Mi madre era una mujer infatigable. Por muy cansada que estuviese, todos los domingos ponía música a todo volumen (a poder ser Pimpinela) y con esa banda sonora hacía la limpieza de nuestra casa.
Mientras cantaba a todo pulmón aquella canción de «olvídate y pega la vuelta», yo la observaba en silencio, maravillada por contemplar esa escena doméstica con la que mi madre, por increíble que parezca, me transportaba a un mundo de fantasía. Una vez que acababa las tareas de la casa se ponía su mejor vestido tradicional, confeccionado con tela wax (el tejido típico de África), se maquillaba y nos íbamos a misa o a pasear.
Mientras llevaba a cabo ese delicado ritual, yo la miraba embelesada y memorizaba el modo en que cuidaba hasta el más mínimo detalle de su atuendo. La recuerdo con su vestido favorito de color verde —con un estampado de peces y unas hombreras que estilizaban mucho su figura—, sus anillos dorados y una manicura perfecta. Era una chica con muy pocos recursos, pero no por ello menos presumida. Siempre estaba perfectamente arreglada y causaba sensación allá donde iba.
Es más que evidente que de ella heredé mi amor por la música, mi creatividad (la suya consistía en personalizar canciones añadiendo como coletilla su nombre a las estrofas) y también mi pasión por la moda.
Por aquella época, fui por primera vez al colegio. No me gustaba nada asistir a clase y lloraba a moco tendido cada vez que tenía que ir. La razón de mis berrinches es que odiaba la hora del recreo y lo que allí me ocurría. Cuando llegaba ese momento, quien más y quien menos sacaba unos bocadillos de los que asomaban los mejores embutidos. Mi madre me preparaba siempre un triste bocata de chocolate, que no me gustaba nada. Sé que es difícil de entender, pero ella, para que durase, le echaba aceite al chocolate.
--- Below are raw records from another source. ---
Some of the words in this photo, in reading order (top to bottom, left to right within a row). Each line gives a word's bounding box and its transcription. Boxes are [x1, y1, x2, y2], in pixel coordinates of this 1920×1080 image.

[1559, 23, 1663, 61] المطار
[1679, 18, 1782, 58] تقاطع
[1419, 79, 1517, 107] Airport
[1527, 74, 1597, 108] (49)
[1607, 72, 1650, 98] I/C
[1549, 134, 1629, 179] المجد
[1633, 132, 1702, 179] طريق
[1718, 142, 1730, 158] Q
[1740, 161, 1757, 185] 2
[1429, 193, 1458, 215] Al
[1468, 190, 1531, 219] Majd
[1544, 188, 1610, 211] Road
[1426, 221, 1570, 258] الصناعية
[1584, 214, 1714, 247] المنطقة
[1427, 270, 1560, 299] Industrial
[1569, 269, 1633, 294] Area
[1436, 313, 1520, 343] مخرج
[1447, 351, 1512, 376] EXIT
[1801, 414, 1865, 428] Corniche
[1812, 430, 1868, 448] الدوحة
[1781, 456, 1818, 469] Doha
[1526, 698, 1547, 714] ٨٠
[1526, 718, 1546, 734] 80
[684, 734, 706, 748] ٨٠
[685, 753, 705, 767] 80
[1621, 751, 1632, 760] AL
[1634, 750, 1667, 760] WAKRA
Una más que dudosa (pero imaginativa) manera de alimentarme. Yo detestaba ese sabor, que se hacía más amargo de lo que ya era de por sí cuando llegaba el momento de ver a los demás niños con sus superbocadillos.
Así como te digo que mi abuela era un torbellino, mi madre era un remanso de paz. Y la verdad es que la vida no se lo había puesto nada fácil para tener ese carácter.
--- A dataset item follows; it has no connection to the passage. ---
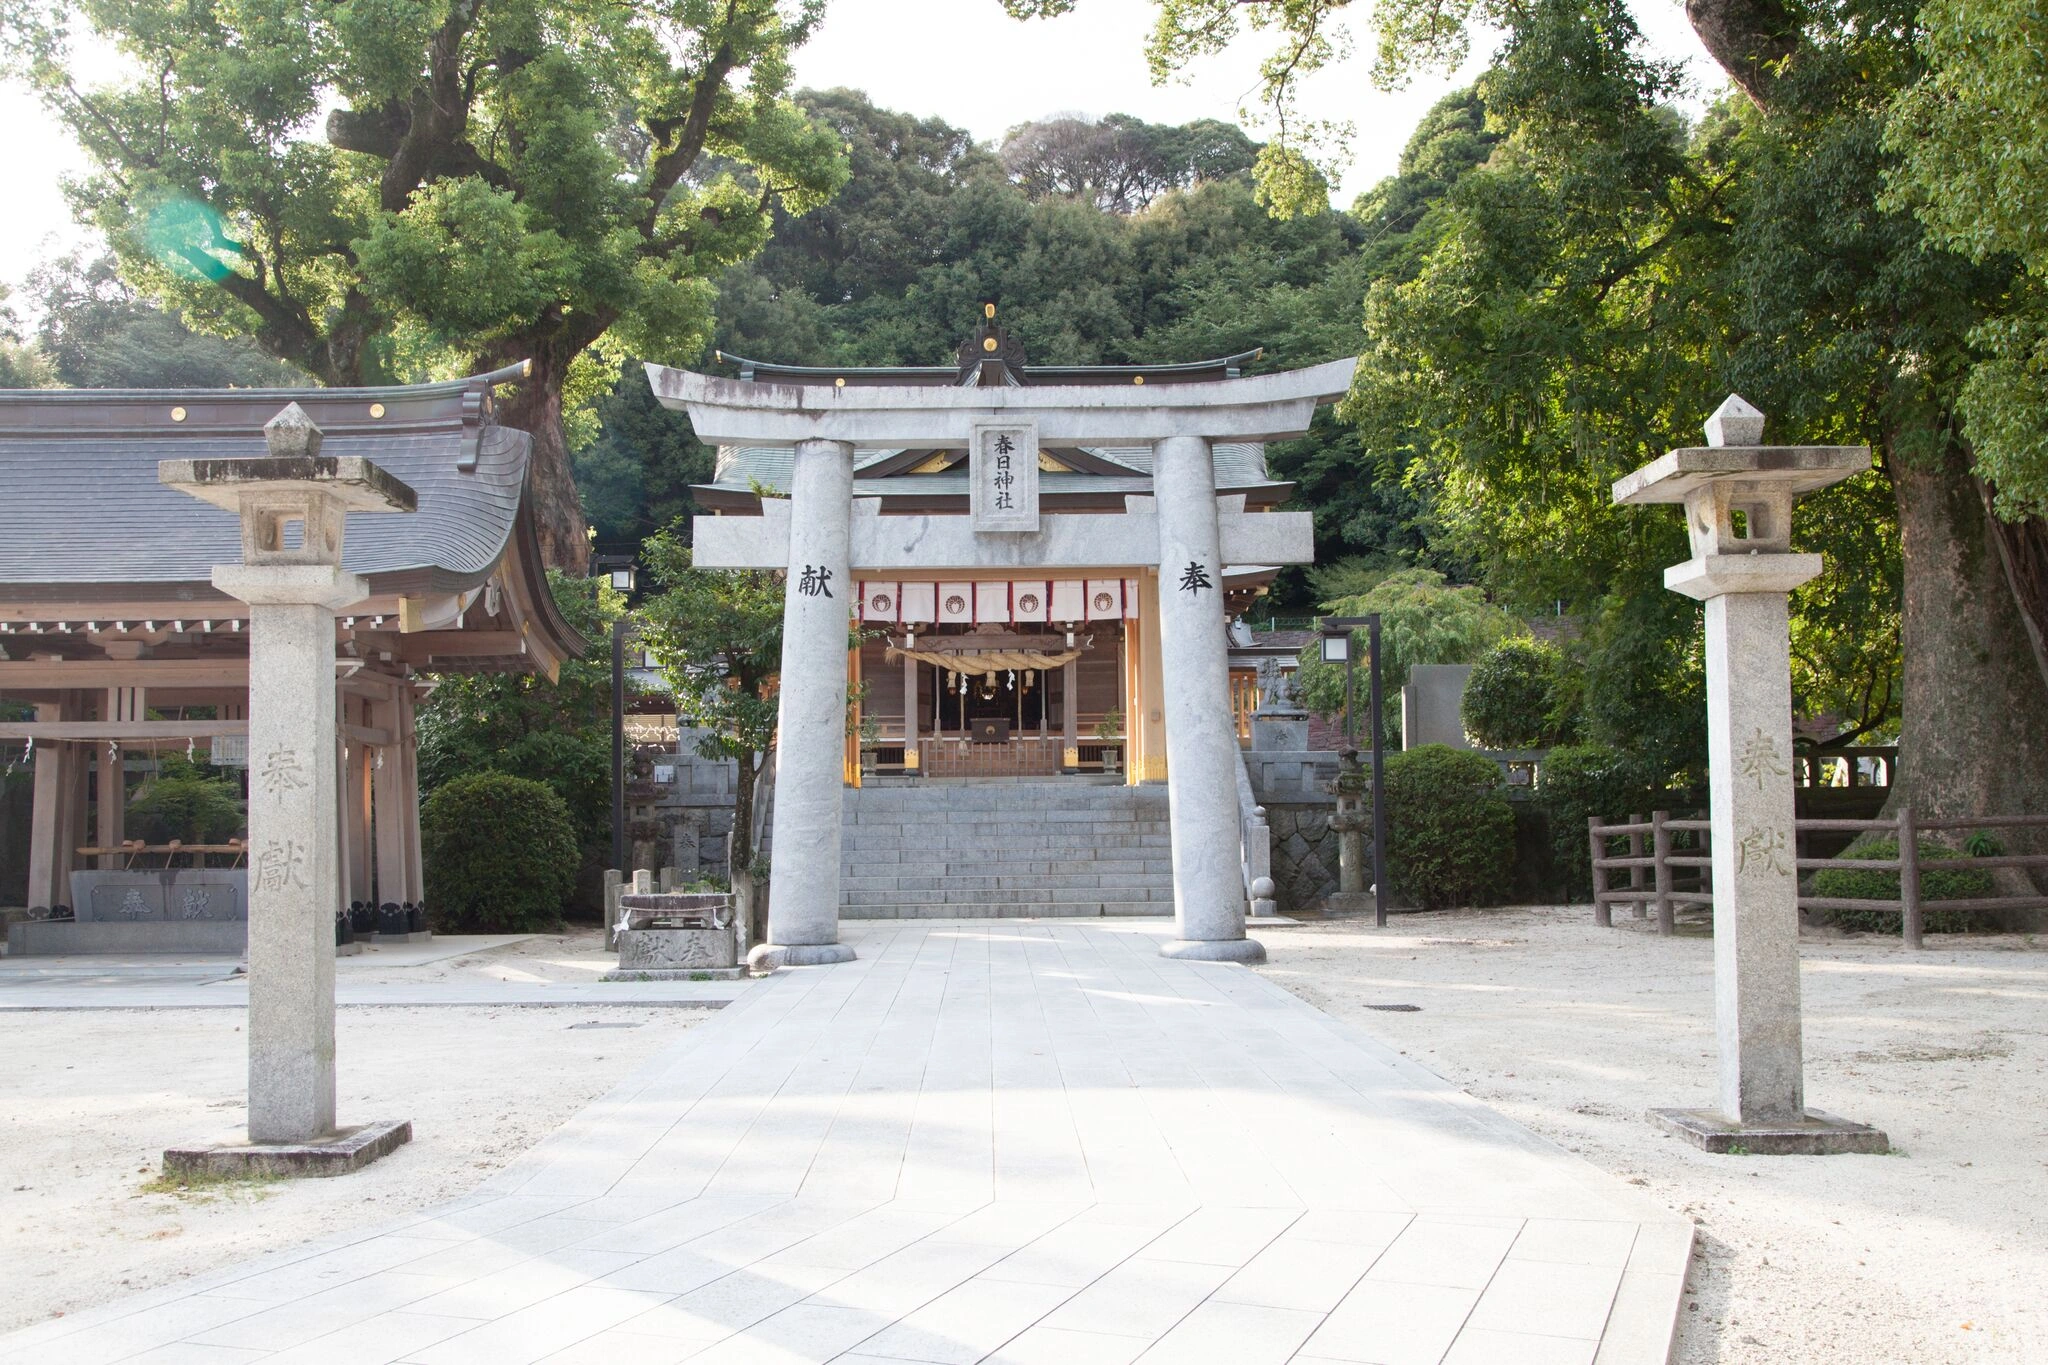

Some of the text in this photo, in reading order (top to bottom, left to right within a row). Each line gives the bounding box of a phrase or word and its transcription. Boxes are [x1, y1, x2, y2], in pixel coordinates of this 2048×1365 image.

[994, 434, 1015, 510] 春日神社
[799, 564, 833, 598] 献
[1179, 561, 1213, 597] 奉
Mi madre me tuvo muy joven y trabajó duro desde entonces para labrarse un futuro. Además, era una persona muy confiada y eso le jugó malas pasadas en más de una ocasión.
Su atractivo innato llamaba muchísimo la atención de los hombres, y al poco tiempo de que yo comenzase a vivir con ella se quedó embarazada de nuevo. Ni que decir tiene que ese niño supuso una revolución en nuestras vidas, porque si a duras penas salíamos adelante nosotras dos, imagínate con un miembro más en la familia.
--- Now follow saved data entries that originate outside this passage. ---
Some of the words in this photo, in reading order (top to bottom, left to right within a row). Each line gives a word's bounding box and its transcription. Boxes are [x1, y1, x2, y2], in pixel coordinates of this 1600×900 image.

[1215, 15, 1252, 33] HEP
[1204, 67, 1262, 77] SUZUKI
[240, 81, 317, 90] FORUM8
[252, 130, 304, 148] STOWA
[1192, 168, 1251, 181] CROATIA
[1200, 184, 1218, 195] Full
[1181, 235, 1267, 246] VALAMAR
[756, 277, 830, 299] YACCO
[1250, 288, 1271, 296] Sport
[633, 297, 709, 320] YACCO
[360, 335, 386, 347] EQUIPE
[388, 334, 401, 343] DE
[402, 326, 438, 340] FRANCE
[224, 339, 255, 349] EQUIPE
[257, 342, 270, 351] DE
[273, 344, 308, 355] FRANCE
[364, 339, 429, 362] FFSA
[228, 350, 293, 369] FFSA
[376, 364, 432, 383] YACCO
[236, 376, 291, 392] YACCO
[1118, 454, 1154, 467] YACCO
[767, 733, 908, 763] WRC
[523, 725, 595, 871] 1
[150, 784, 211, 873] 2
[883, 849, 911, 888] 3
Con una situación tan complicada, mi madre pidió a mi padre y a la pareja de este por aquel entonces que se hiciesen cargo de mí, ya que a ella le resultaba económicamente imposible. Y así fue como me separé de mi madre por segunda vez, cuando yo apenas tenía siete años. Recuerdo que ese día fuimos a visitar a mis hermanos a casa de mi padre y de su mujer (por cierto, mi madre y ella tenían una relación cordial), y a la hora de marcharnos mi madre me dijo que yo debía quedarme allí durante unos días, que ya volvería a por mí. La realidad es que esos días se convirtieron en meses. Ella no mintió y sí vino cada poco tiempo a verme y traerme ropa, pero nunca me llevó de vuelta a nuestra casa.
Y así, poco a poco, me fui haciendo a la idea de que aquel sería mi nuevo hogar. Yo no entendía lo que estaba sucediendo y siempre terminaba llorando cada vez que mi madre se marchaba sin mí después de sus visitas a la casa de mi padre.
Yo necesitaba seguir teniendo nuestros momentos a solas, cantando o haciendo lo que fuese con ella, verla arreglarse para salir, en fin, todas esas cosas que yo tanto añoraba.
Ella siempre me prometía que volvería a por mí. La verdad es que sí volvía, pero solo de visita.
A pesar de todo, cuando nos veíamos, ella se encargaba de que me lo pasase genial. Dentro de sus posibilidades, me compraba dulces o, simplemente, paseábamos cogidas de la mano. Yo no quería que esos ratos acabasen, pero siempre llegaba el momento de regresar a casa de mi padre muy a nuestro pesar.
Con el tiempo me he dado cuenta de que, en ese sentido, el comportamiento de mi madre es para mí una de las mayores pruebas de amor que tuve por su parte. Ella aceptó que no contaba con los medios para darme un futuro mejor y, a pesar del dolor tan desgarrador que debía de suponer separarse de mí, actuó de una manera admirable y serena.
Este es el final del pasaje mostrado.